Task material ::

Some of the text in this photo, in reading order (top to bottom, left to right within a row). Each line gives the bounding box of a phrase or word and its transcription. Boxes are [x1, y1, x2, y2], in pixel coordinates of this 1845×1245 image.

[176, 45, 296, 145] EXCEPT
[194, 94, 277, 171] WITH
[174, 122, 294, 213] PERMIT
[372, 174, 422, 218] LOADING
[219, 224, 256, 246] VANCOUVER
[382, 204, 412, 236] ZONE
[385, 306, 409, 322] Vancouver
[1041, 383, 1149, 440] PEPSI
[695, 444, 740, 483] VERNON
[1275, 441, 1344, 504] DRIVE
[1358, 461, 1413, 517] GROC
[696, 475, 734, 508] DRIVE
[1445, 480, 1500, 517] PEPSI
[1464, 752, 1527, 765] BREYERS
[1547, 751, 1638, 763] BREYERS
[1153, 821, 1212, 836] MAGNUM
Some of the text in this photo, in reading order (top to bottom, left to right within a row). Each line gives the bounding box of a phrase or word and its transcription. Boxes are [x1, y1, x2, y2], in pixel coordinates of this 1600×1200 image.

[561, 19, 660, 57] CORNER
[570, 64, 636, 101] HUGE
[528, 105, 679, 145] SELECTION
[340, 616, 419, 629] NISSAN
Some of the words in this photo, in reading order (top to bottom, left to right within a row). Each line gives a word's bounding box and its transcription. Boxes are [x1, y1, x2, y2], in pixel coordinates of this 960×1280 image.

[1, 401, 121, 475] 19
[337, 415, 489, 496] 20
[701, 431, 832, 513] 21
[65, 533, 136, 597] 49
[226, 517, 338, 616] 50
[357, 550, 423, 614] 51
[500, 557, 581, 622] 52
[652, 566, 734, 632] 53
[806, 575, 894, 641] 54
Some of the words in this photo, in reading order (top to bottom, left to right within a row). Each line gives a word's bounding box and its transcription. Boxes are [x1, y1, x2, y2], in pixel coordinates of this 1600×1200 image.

Work instruction :: The full listing should be output exactly, line for line.

Answer to this exercise ::
Some of the text in this photo, in reading order (top to bottom, left to right within a row). Each line gives the bounding box of a phrase or word and its transcription. Boxes are [x1, y1, x2, y2], in pixel coordinates of this 1845×1245 image.

[176, 45, 296, 145] EXCEPT
[194, 94, 277, 171] WITH
[174, 122, 294, 213] PERMIT
[372, 174, 422, 218] LOADING
[219, 224, 256, 246] VANCOUVER
[382, 204, 412, 236] ZONE
[385, 306, 409, 322] Vancouver
[1041, 383, 1149, 440] PEPSI
[695, 444, 740, 483] VERNON
[1275, 441, 1344, 504] DRIVE
[1358, 461, 1413, 517] GROC
[696, 475, 734, 508] DRIVE
[1445, 480, 1500, 517] PEPSI
[1464, 752, 1527, 765] BREYERS
[1547, 751, 1638, 763] BREYERS
[1153, 821, 1212, 836] MAGNUM
Some of the text in this photo, in reading order (top to bottom, left to right within a row). Each line gives the bounding box of a phrase or word and its transcription. Boxes are [x1, y1, x2, y2], in pixel coordinates of this 1600×1200 image.

[561, 19, 660, 57] CORNER
[570, 64, 636, 101] HUGE
[528, 105, 679, 145] SELECTION
[340, 616, 419, 629] NISSAN
Some of the words in this photo, in reading order (top to bottom, left to right within a row). Each line gives a word's bounding box and its transcription. Boxes are [x1, y1, x2, y2], in pixel coordinates of this 960×1280 image.

[1, 401, 121, 475] 19
[337, 415, 489, 496] 20
[701, 431, 832, 513] 21
[65, 533, 136, 597] 49
[226, 517, 338, 616] 50
[357, 550, 423, 614] 51
[500, 557, 581, 622] 52
[652, 566, 734, 632] 53
[806, 575, 894, 641] 54
Some of the words in this photo, in reading order (top to bottom, left to right within a row). Each line gives a word's bounding box and its transcription. Boxes are [x1, y1, x2, y2], in pixel coordinates of this 1600×1200 image.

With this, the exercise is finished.